(Free-text object descriptions)
"""

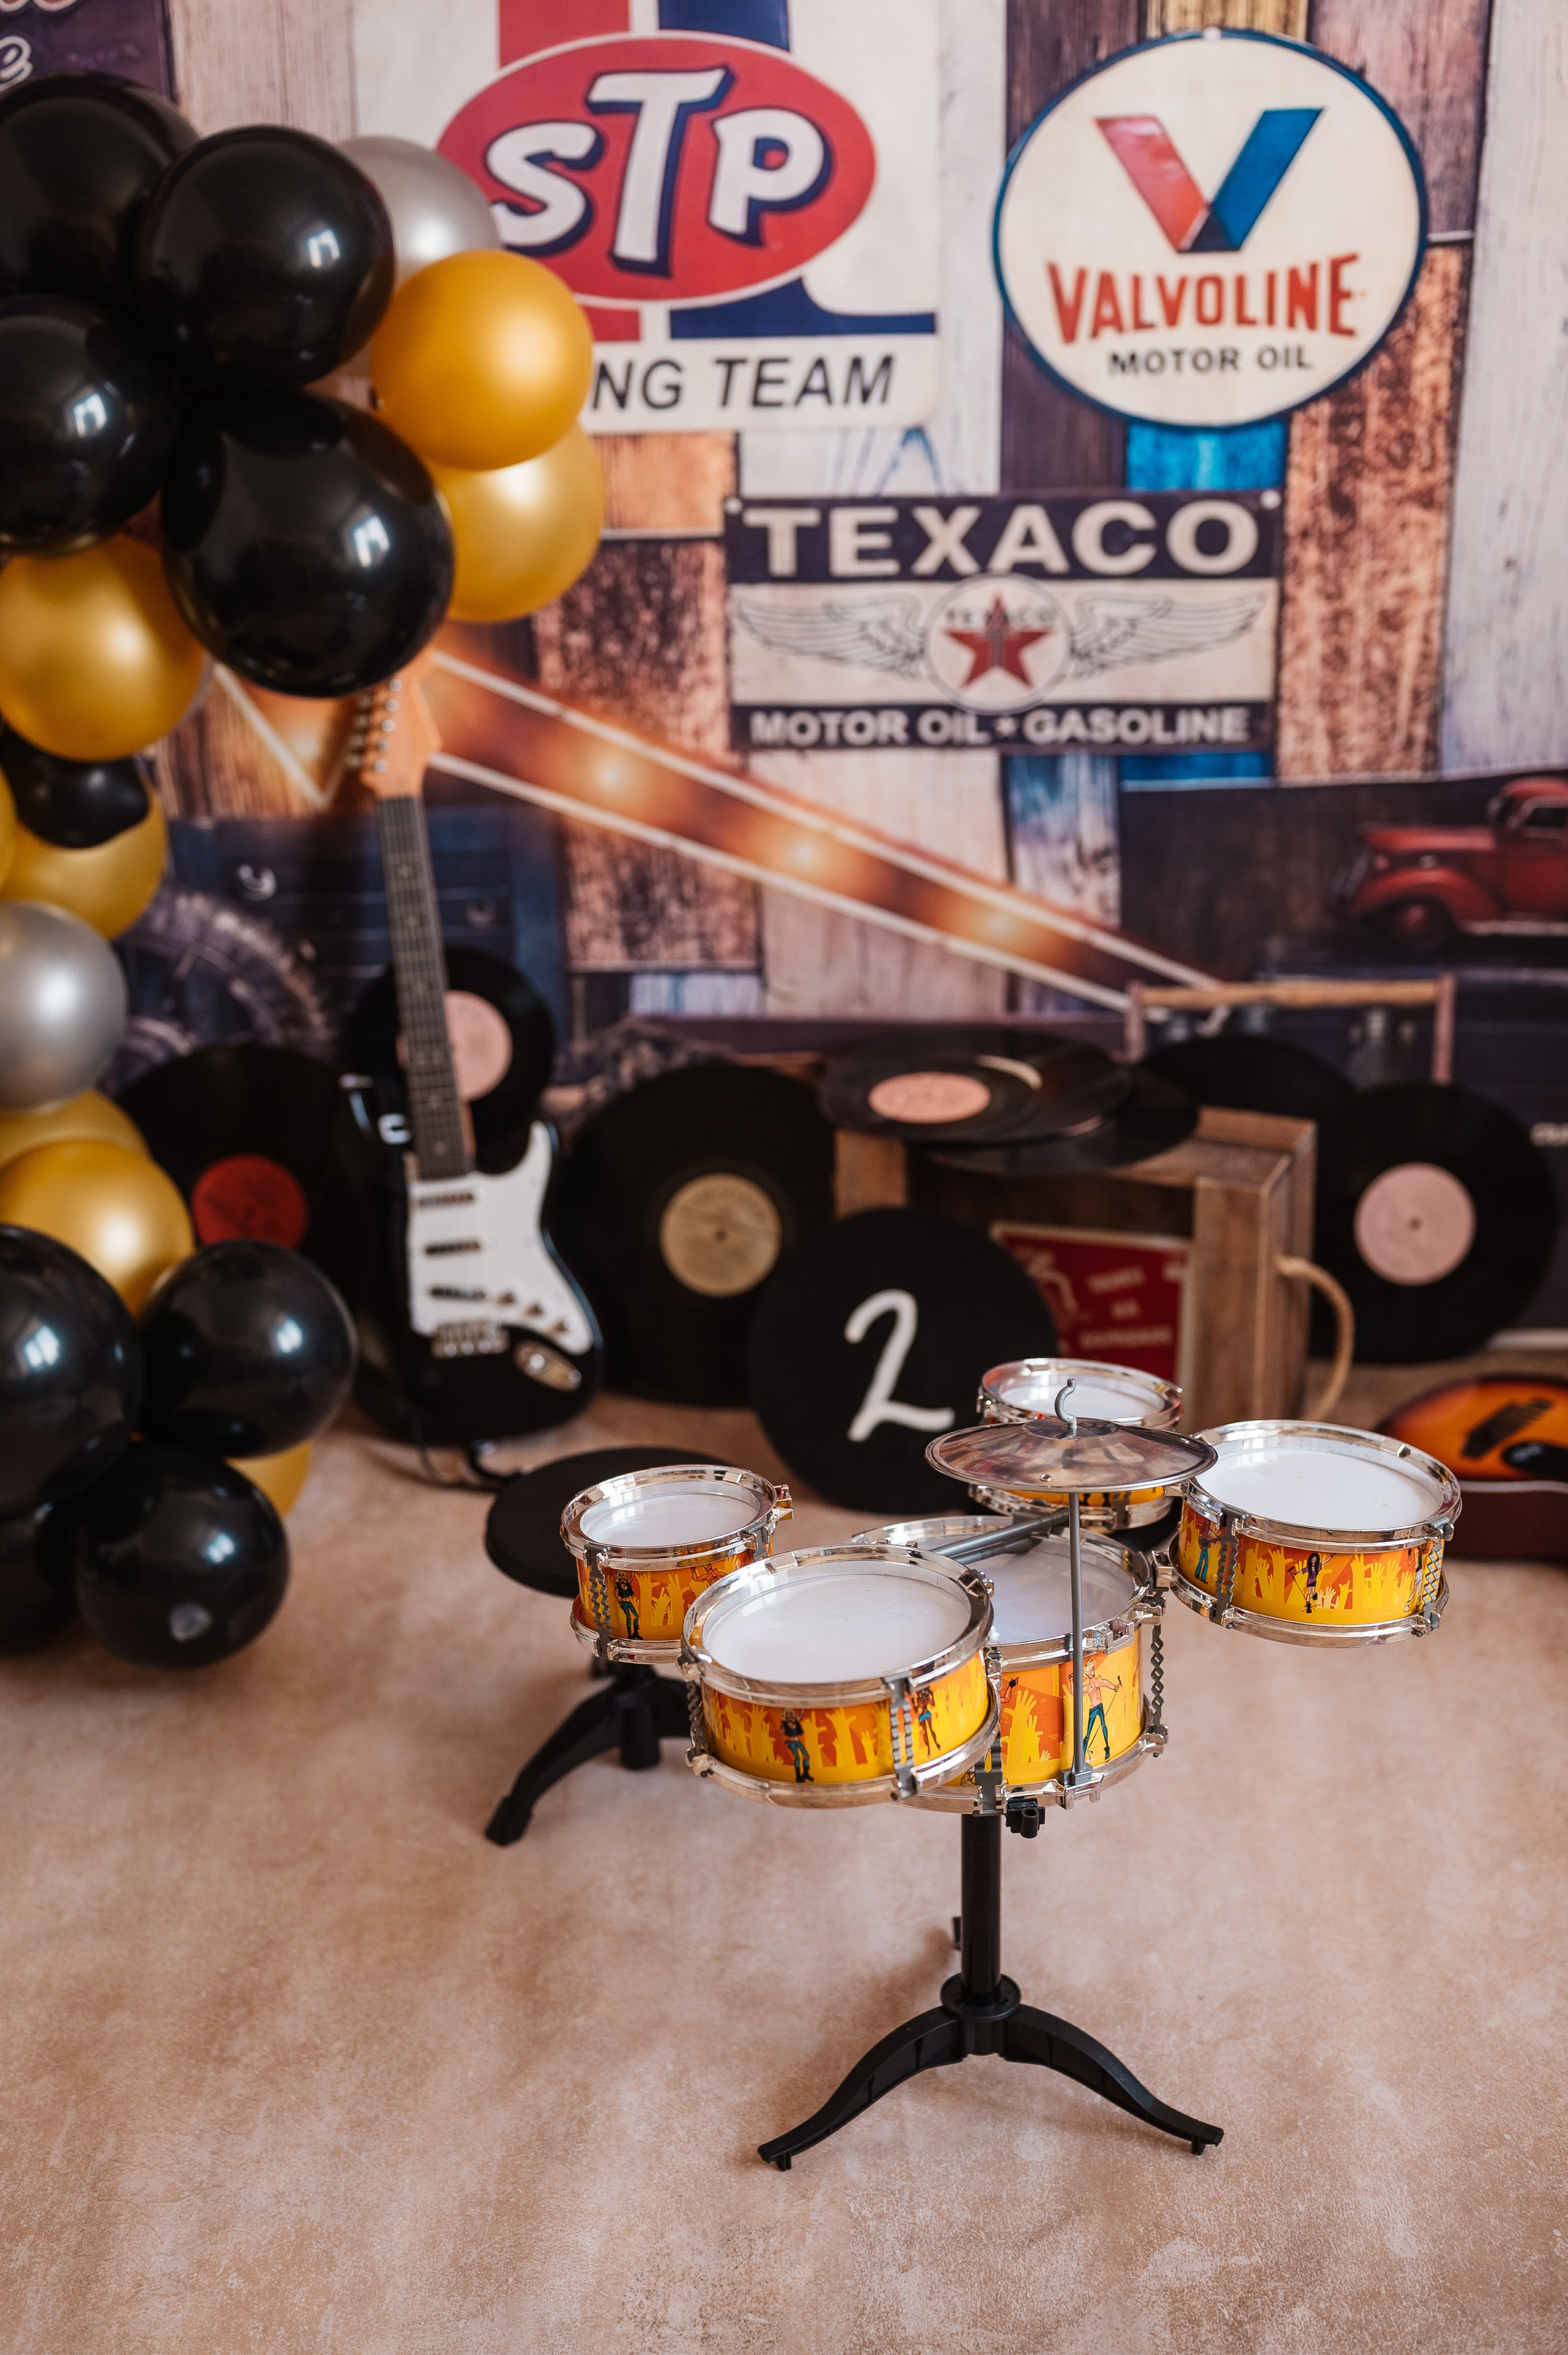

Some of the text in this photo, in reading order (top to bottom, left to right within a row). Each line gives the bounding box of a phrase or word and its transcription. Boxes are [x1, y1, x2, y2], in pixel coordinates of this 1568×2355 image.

[485, 63, 833, 278] STP
[1046, 252, 1361, 346] VALVOLINE
[714, 354, 895, 410] TEAM
[1108, 344, 1312, 376] MOTOR OIL
[742, 499, 1260, 577] TEXACO
[749, 707, 1251, 746] MOTOR OIL GASOLINE
[845, 1289, 954, 1442] 2

"""

To do: Exclude all images, then retype the records above without alteration.

Solution to the problem:
Some of the text in this photo, in reading order (top to bottom, left to right within a row). Each line gives the bounding box of a phrase or word and its transcription. Boxes are [x1, y1, x2, y2], in pixel coordinates of this 1568×2355 image.

[485, 63, 833, 278] STP
[1046, 252, 1361, 346] VALVOLINE
[714, 354, 895, 410] TEAM
[1108, 344, 1312, 376] MOTOR OIL
[742, 499, 1260, 577] TEXACO
[749, 707, 1251, 746] MOTOR OIL GASOLINE
[845, 1289, 954, 1442] 2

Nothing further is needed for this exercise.